Katy waves at me. “Make yourself comfortable, hon. I’ll bring you some food in a little while.”
The pair walk off out of sight around the giant pile of old furniture, seeming pleased with themselves as if they’d already won whatever war they keep talking about. I assume they’re referring to a conflict between their sect and the Aurora Aurea.
I grab the bars on the door and rattle it. They’re fairly beefy, three-quarters of an inch thick. Definitely not a dog kennel. I can mule-kick this off as soon as my powers come online. Hopefully, the angle of these basement windows will hurry it up and bring on the darkness.
And dammit!
Again, I try to sneak into a place during the day, and again I get locked up.
I’m going to develop a complex.
Grr. Thinking of Sophia locked in a cell alone gets me fuming mad. To blow off steam, I give escape by brute force my best shot. Yeah, doesn’t do much good at normal Sarah strength. Since I am apparently stuck, I sit cross-legged, elbows on my knees, chin in my hands, and fume.

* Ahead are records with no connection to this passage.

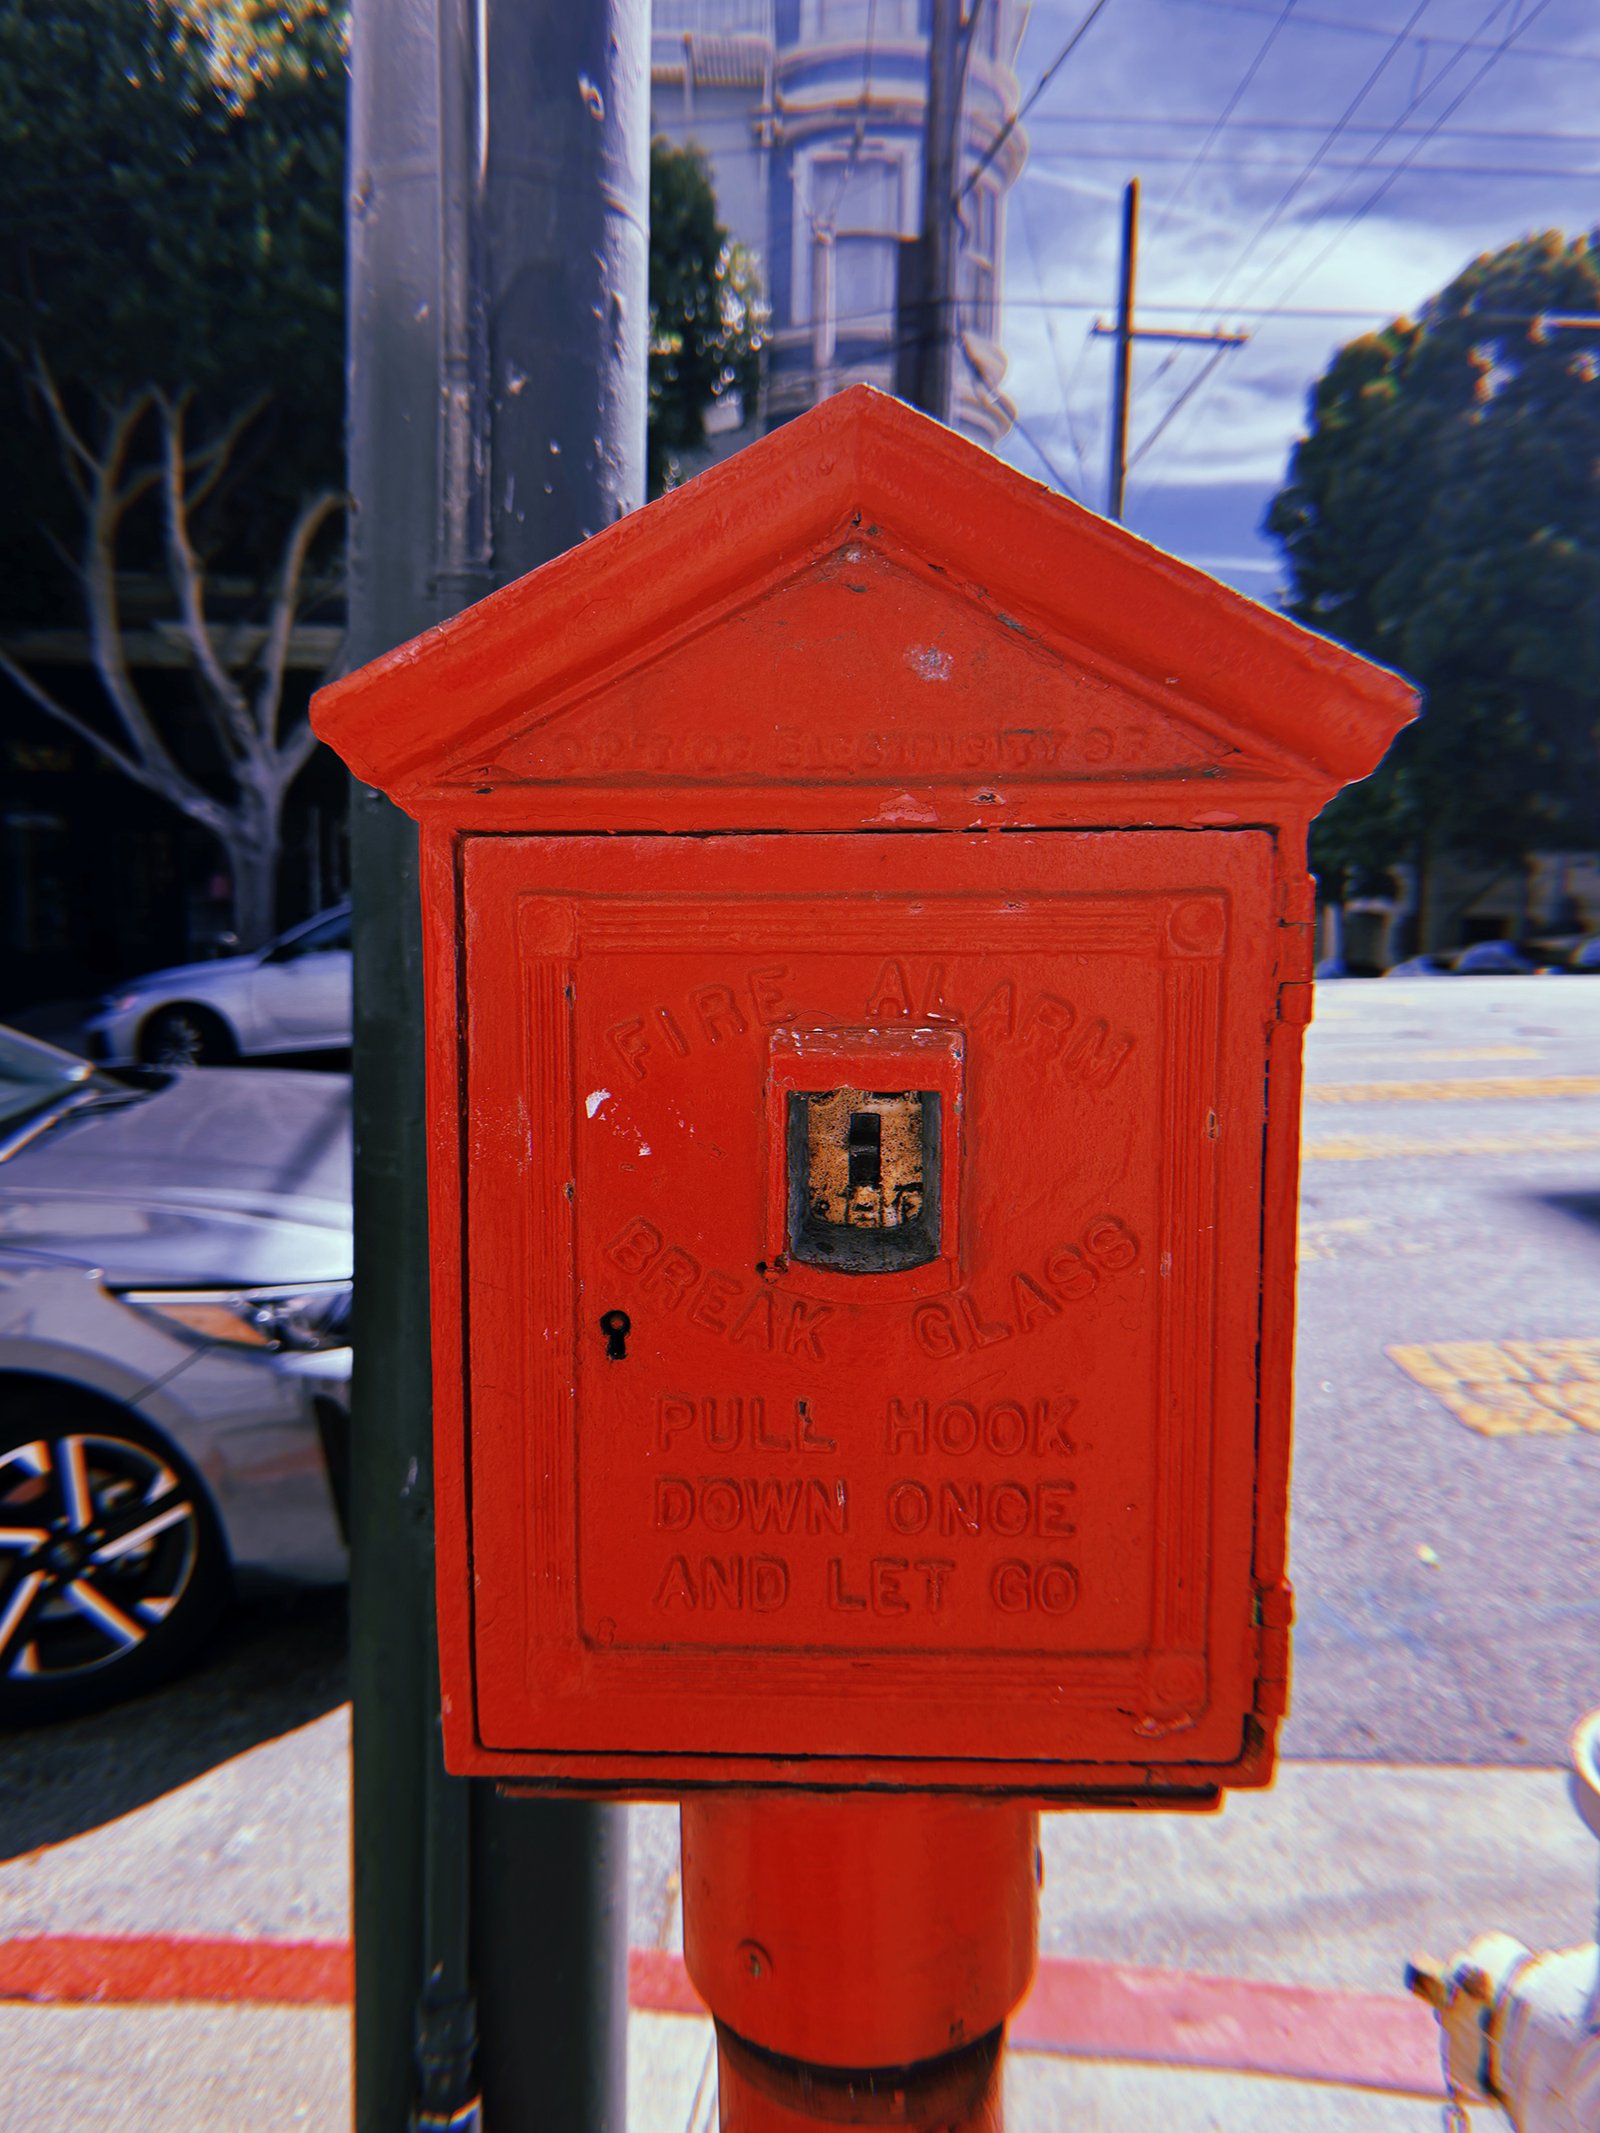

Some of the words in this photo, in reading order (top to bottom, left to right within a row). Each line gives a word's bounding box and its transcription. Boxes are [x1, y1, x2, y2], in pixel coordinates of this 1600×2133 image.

[606, 962, 797, 1080] FIRE
[865, 960, 1136, 1088] ALARM
[605, 1215, 837, 1363] BREAK
[910, 1213, 1140, 1359] GLASS
[655, 1396, 838, 1453] PULL
[886, 1397, 1080, 1456] HOOK
[655, 1474, 848, 1534] DOWN
[886, 1478, 1078, 1538] ONCE
[655, 1554, 791, 1613] AND
[827, 1556, 957, 1616] LET
[989, 1557, 1080, 1617] GO
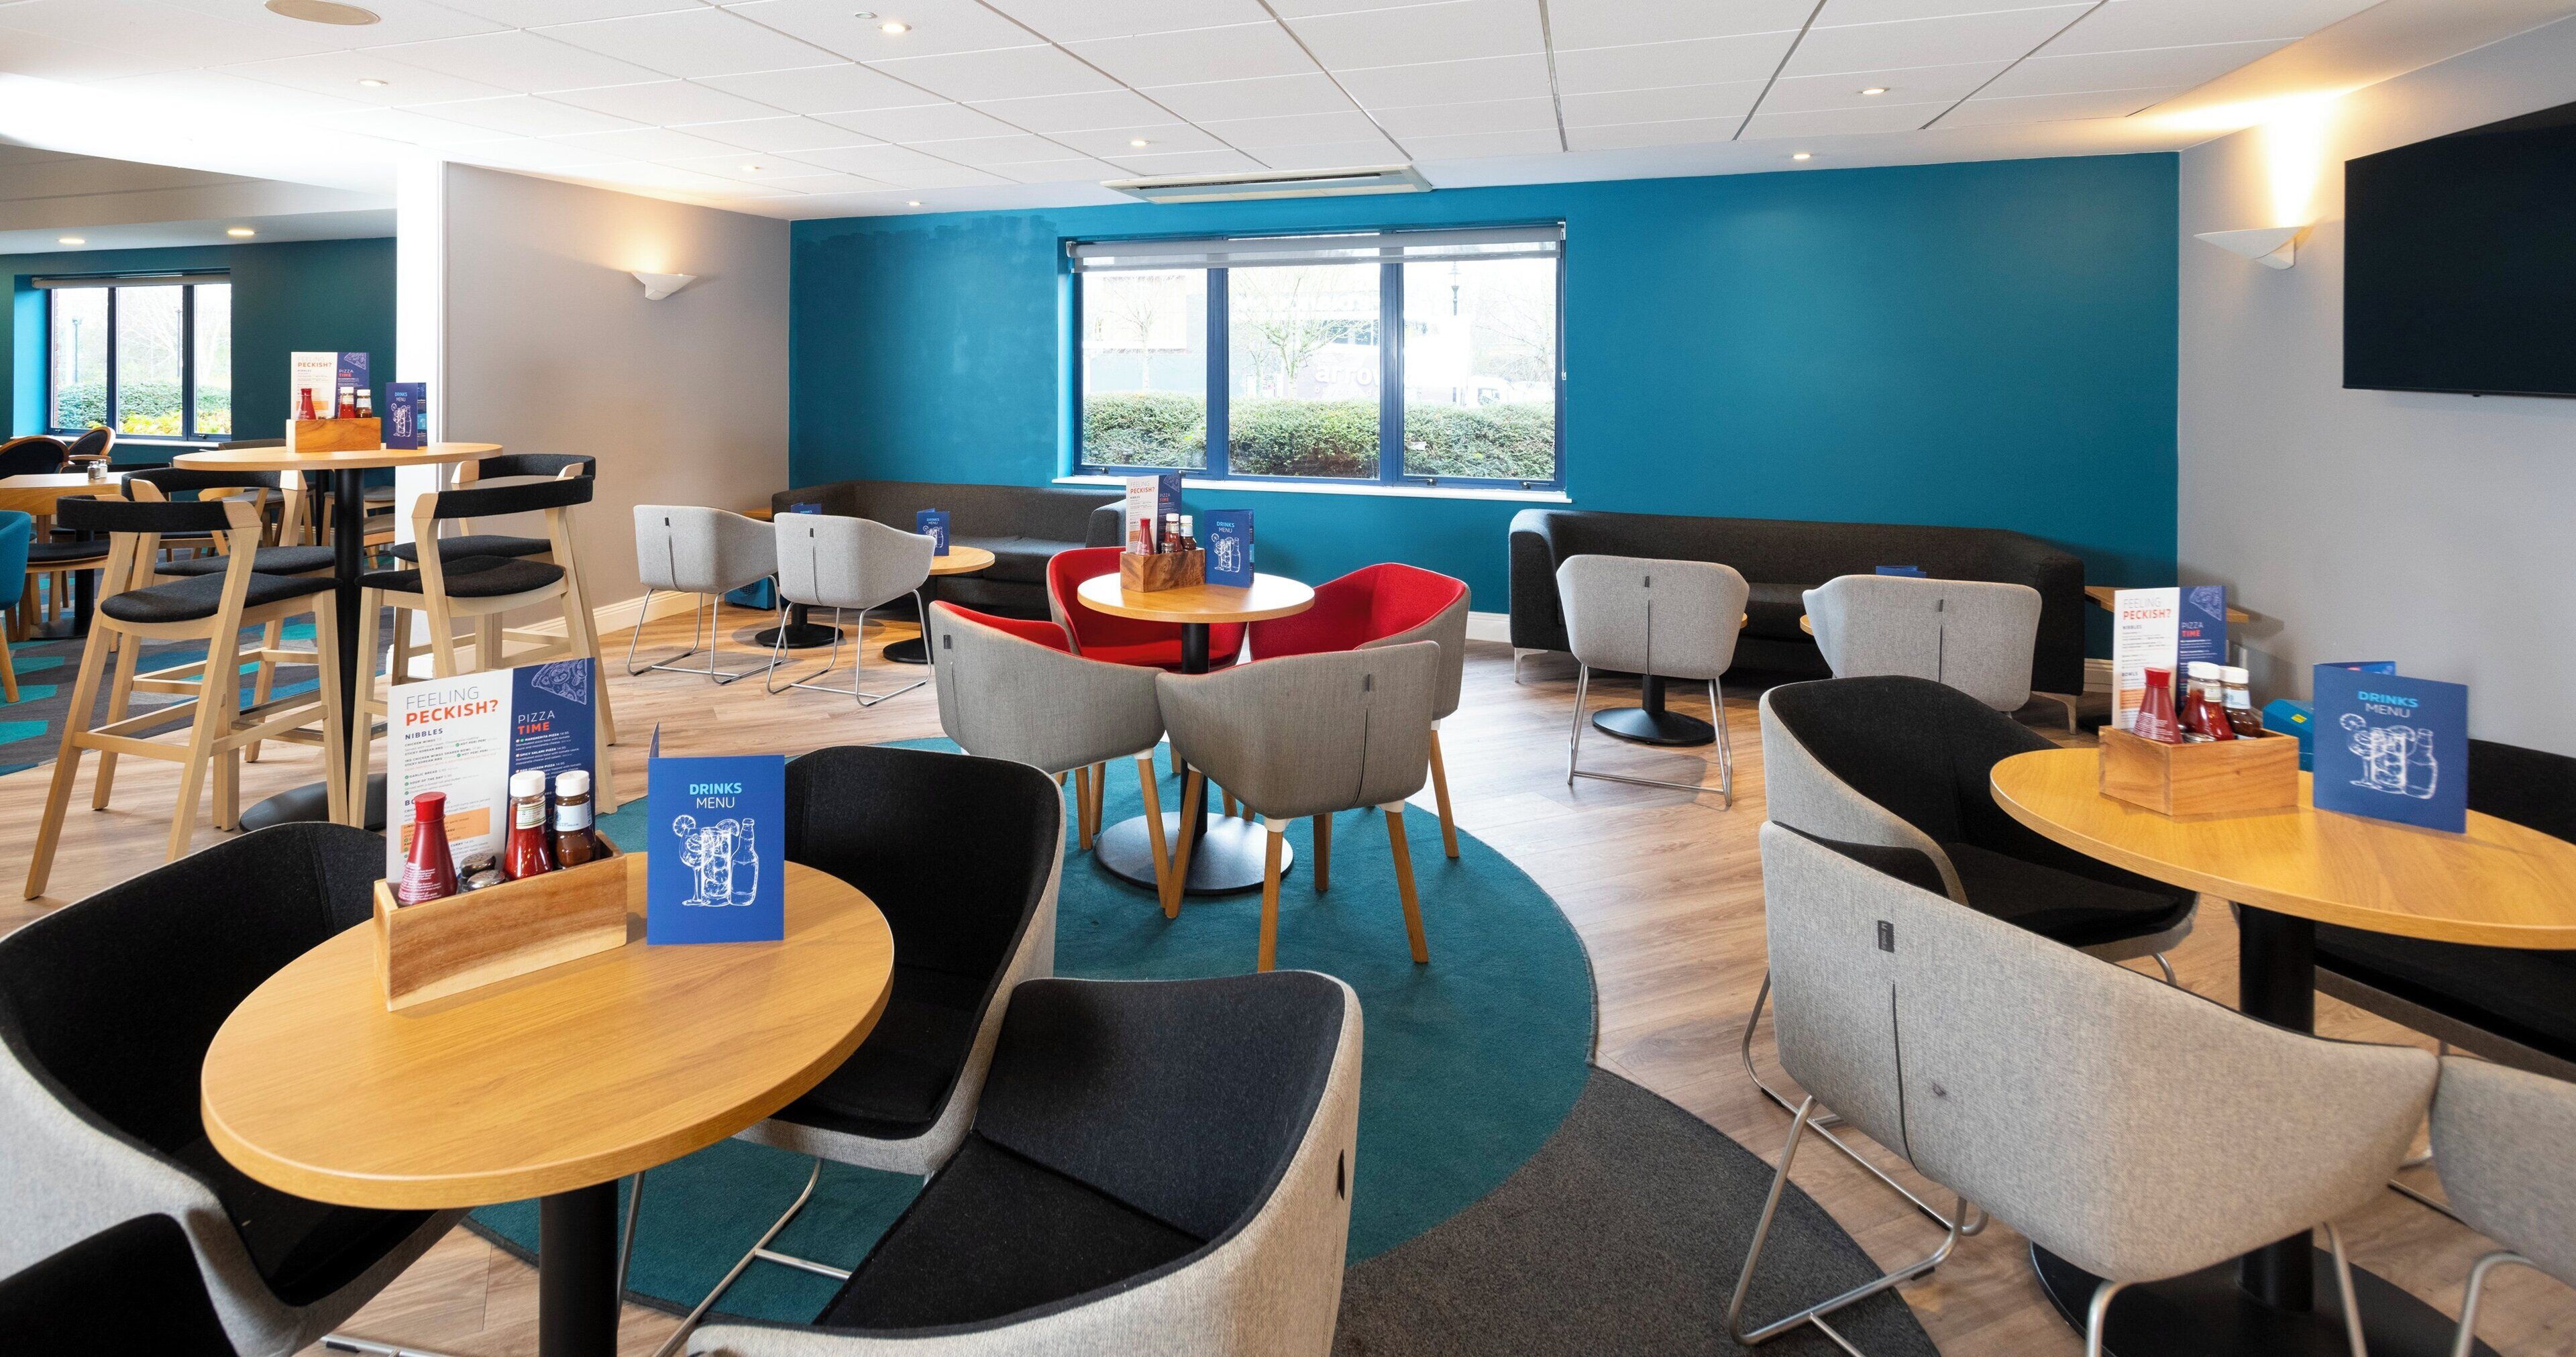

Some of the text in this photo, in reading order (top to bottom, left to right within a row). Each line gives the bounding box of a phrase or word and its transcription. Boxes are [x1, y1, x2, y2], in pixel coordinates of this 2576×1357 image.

[2123, 597, 2161, 608] FEELING
[2123, 608, 2171, 620] PECKISH?
[407, 686, 479, 710] FEELING
[2357, 690, 2419, 708] DRINKS
[406, 699, 498, 726] PECKISH?
[518, 710, 555, 724] PIZZA
[2365, 703, 2411, 718] MENU
[405, 728, 443, 740] NIBBLES
[517, 721, 550, 735] TIME
[689, 782, 743, 796] DRINKS
[696, 796, 735, 809] MENU

Jacob thought Klepto’s claws hurt.
Wait until he sees mine.
21
The Basement of Happiness
Locked in a cage in the basement of a big ol’ manor house in England isn’t the most uncomfortable thing.
Could be worse. I could be stuck in a living room surrounded by elderly distant relatives we see once every five years or so having my cheeks pinched every ten minutes. Compared to visiting my Aunt Jody’s mother—and her side of the extended family—when I was like nine, give me the cage. At least it’s quiet down here. And no claw-like fingers are trying to sneak attack my face. Sierra was two then, probably doesn’t remember it well or know why the scent of ‘old person’ terrifies her at a subconscious level. Nothing against the elders, but bring an adorable toddler within arms’ reach of attention-deprived seniors and they wind up basically playing tackle football for cuddle time.
One might think I should be having a freak out, but I’m too pissed.
A big reason my predominant emotion is anger rather than fear is knowing Sophia’s not in any imminent danger. Gomez and Morticia want to keep her from helping Asher—exactly the same thing I tried to do, only for the opposite reason. I didn’t want Sophia to get hurt. These two want the Aurora Aurea to go extinct. Am I a dumbass for trying to prevent my kid sister from getting into a fight with a murderous ghost?
I mean, what logical person would think sending a ten-year-old to stop a serial killer is a good idea, even if he is already dead?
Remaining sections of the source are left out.